Monday, January 31, 2011

Use the VCs on advice from experts

Current media articles have the use of physicians, scientists and experts from pharmaceutical companies and hedge funds, casting often investigated in an unflattering light. Experts can play a valuable role, but is it a case of caveat emptor - and sometimes for the experts and the Organization, the setting. New products, biotech, medical technology companies trying to promote such as a medical expert perceived objectivity could undermine when financial relationships are clearly not in advance.  Experts, providing information on hedge funds must be careful not to disclose non-public information about publicly traded companies and run into conflict with the insider trading restrictions.


Capitalists rely often personal and business networks to help collect venture investment information to make smart investments in private companies.   Because early-stage venture firm invest in public stocks or independent projects promote work experts with VCs can and VCs work the reputation or objectivity with experts with no risk.

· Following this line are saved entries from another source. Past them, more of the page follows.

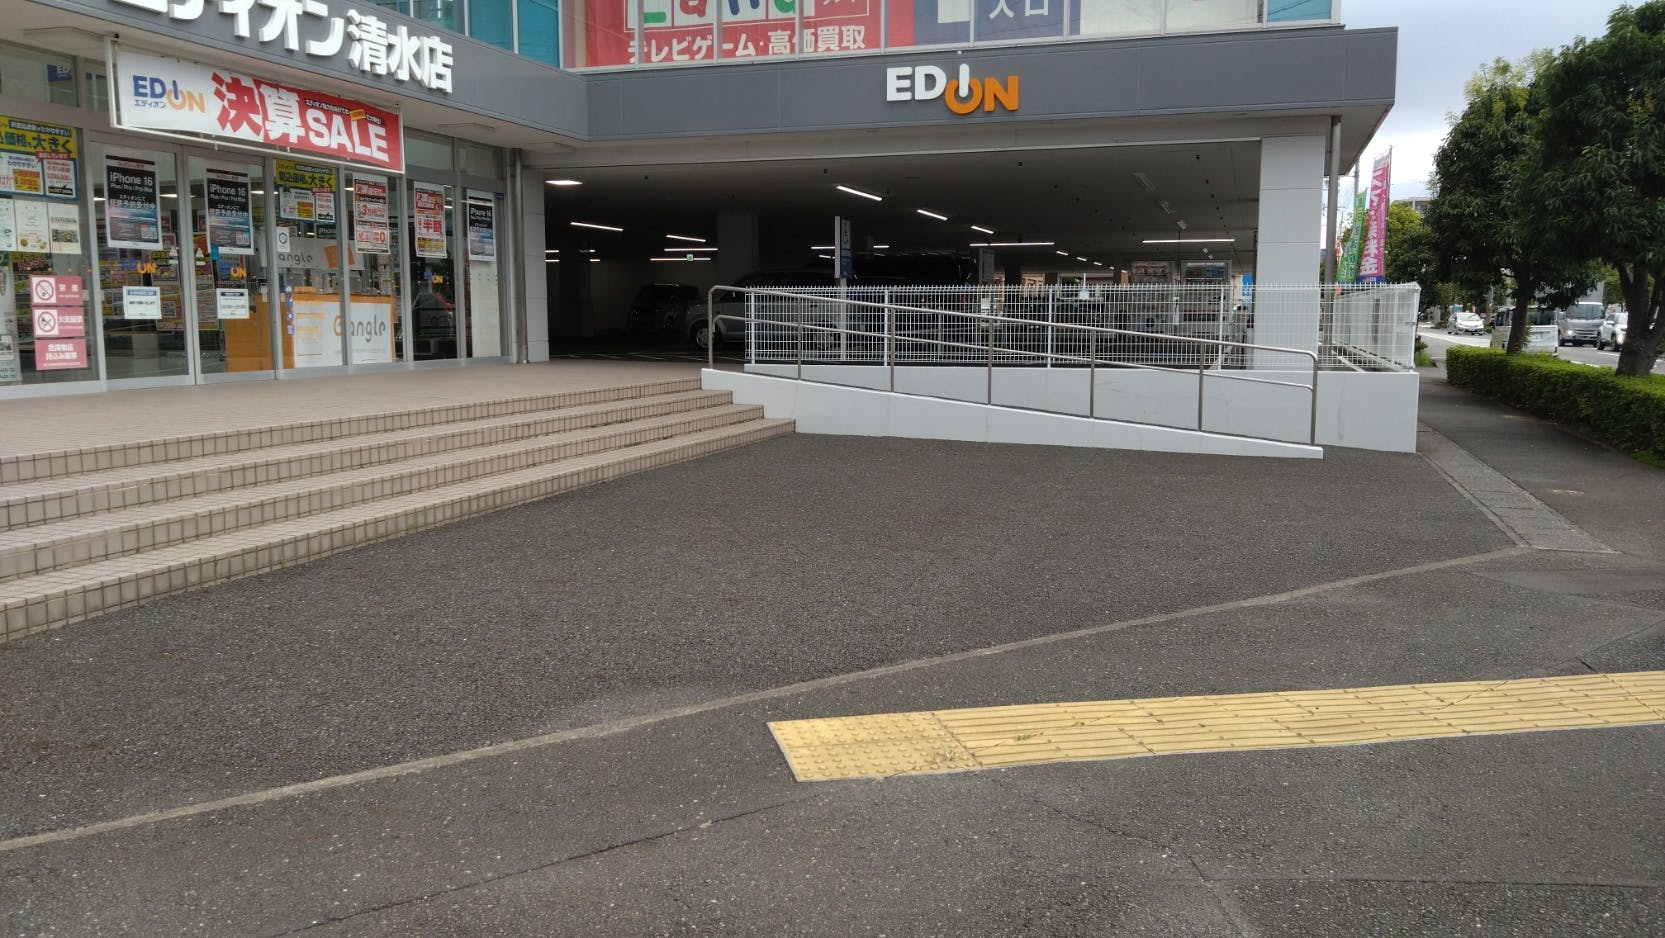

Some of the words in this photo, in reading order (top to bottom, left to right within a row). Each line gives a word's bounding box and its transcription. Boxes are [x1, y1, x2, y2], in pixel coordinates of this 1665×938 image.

[132, 74, 207, 113] EDION
[886, 63, 1019, 115] EDION
[134, 99, 167, 109] エディオン
[110, 171, 142, 185] iPhone
[143, 176, 153, 186] 16
[209, 183, 236, 195] iPhone
[238, 187, 246, 197] 16

Here is how I and other venture capitalists use external experts:


Personal networks, tend to be by far the most valuable. For example, contact sometimes I one childhood friend, who is now an orthopedic surgeon at the Cleveland Clinic. If think CCV is about investing in a product surgery, I would ask his opinion. Its input is good - and it's free advice from a valuable source.


As other VCs I see for the professional guidance within existing portfolio companies. I am currently a project, relating to a software system for gene sequencing, for example, and I have a chief technical officer at a CCV portfolio company, very knowledgeable in this area is consulted.

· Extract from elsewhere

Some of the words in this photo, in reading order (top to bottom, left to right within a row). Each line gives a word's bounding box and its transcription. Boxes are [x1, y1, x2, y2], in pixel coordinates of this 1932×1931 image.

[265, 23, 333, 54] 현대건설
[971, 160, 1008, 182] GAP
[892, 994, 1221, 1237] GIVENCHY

Sometimes I pay for advice other VCs to do, and it is often the price value. At one point I saw a diabetes-related startup focusing on glucose intolerance and won a diabetic's expert by Abbott Laboratories, who understand the market, competition and what would be required to make this start successful. Ultimately CCV decided against this investment, partially due to make its input. Advice that helps dissuade from an investment venture capitalists to make every bit as valuable as consulting prods gives it because fail more startups ultimately a successful investment.


When to pay a VC for advice, he too cautious, he selects. In particular, people avoid to have skin in the game because you have published work in the area of interest or maybe even a product is what I am considering funding similar to have invented. Information from these people can be biased and therefore dangerous for a portfolio companies.


John Steuart is Managing Director at Claremont Creek Ventures.